History of exponential smoothing counts dozens of methods of initialisation. Some of them are fine, some of them are very wrong. Some of those methods allow preserving data, the others unnecessarily consume parts of time series. I have implemented ETS in a way that allows initialising it before the sample starts. So the state vector $$v_t$$ discussed in parts 2 and 3, is defined before the very first observation $$y_1$$. This is consistent with Hyndman et al. 2006 approach. Still this initial value can be defined using different methods:

1. Optimisation. This means that the initial value is found along with the smoothing parameters. This can be triggered by
initial="optimal"

and is the default method in

es()

.

2. While the optimisation works perfectly fine on monthly data, there may be some problems with weekly and daily seasonal data. The reason for that is a high number of parameters that need to be estimated. For example, ETS(M,N,M) on weekly seasonal data will have 52 + 1 + 2 + 1 = 56 parameters to estimate (52 seasonal indices, 1 level component, 2 smoothing parameters and 1 variance of residuals). This is not an easy task which sometimes cannot be efficiently solved. That is why we may need other initialisation methods.
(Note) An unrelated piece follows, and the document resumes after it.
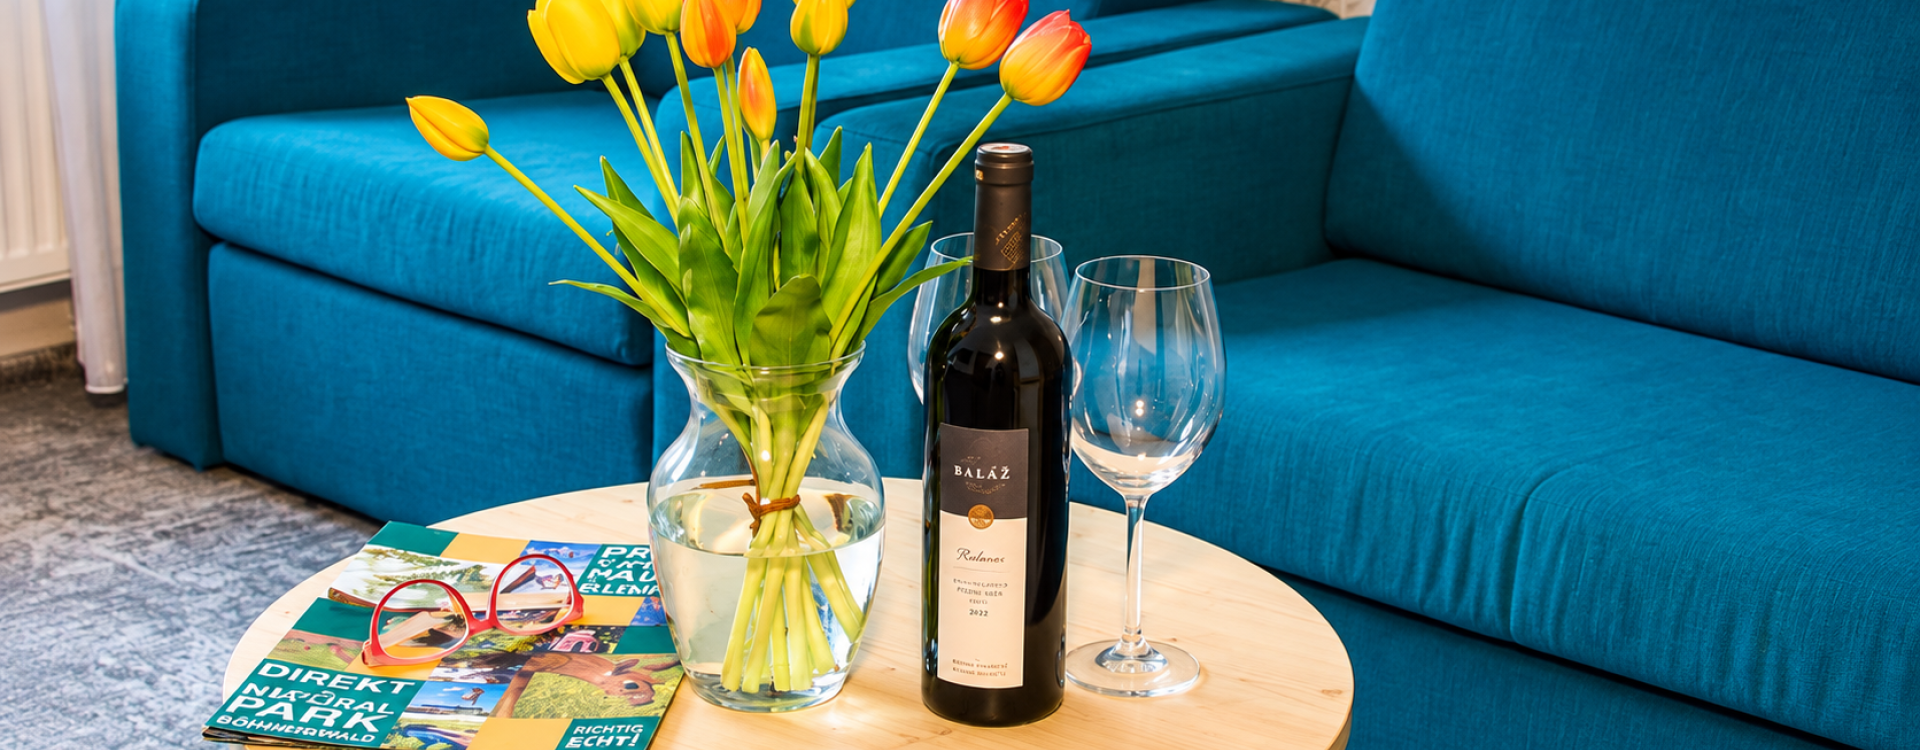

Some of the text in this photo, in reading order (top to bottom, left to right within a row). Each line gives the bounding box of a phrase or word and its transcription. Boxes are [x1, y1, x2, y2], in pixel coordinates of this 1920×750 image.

Let’s see what happens when we encounter this problem in an example. I will use time series

taylor

from

forecast

package. This is half-hourly electricity demand data. It has frequency of 336 (7 days * 48 half-hours) and is really hard to work with when the standard initialisation is used. Let’s see what happens when

es()

is applied with model selection and a holdout of one week of data:

es(taylor,"ZZZ",h=336,holdout=TRUE)
Forming the pool of models based on... ANN, ANA, ANM, AAA, Estimation progress: 100%... Done!
Time elapsed: 18.47 seconds
Model estimated: ETS(ANA)
Persistence vector g:
alpha gamma
0.850 0.001
Initial values were optimised.
340 parameters were estimated in the process
Residuals standard deviation: 250.546
Cost function type: MSE; Cost function value: 56999

Information criteria:
AIC     AICc      BIC
51642.90 51712.02 53756.01
Forecast errors:
MPE: 1%; Bias: 50%; MAPE: 1.8%; SMAPE: 1.8%
MASE: 0.798; sMAE: 1.8%; RelMAE: 0.078; sMSE: 0.1%

We had to estimate 340 parameters and the model selection took 18 seconds (checking only 5 models in the pool). We ended up with the following graph:

The first thing that can be noticed is the initial value of level, which results in a wrong one step ahead forecast for one of the first observations. This is because of the high number of parameters – the optimiser could not find the appropriate values. This could be not important, taking number of observations in the data, but still may influence the final forecast and, what is more important, the model selection. Some of models could have been initialised slightly better than the others, which could lead to a smaller value of information criterion for those models that should not have been selected.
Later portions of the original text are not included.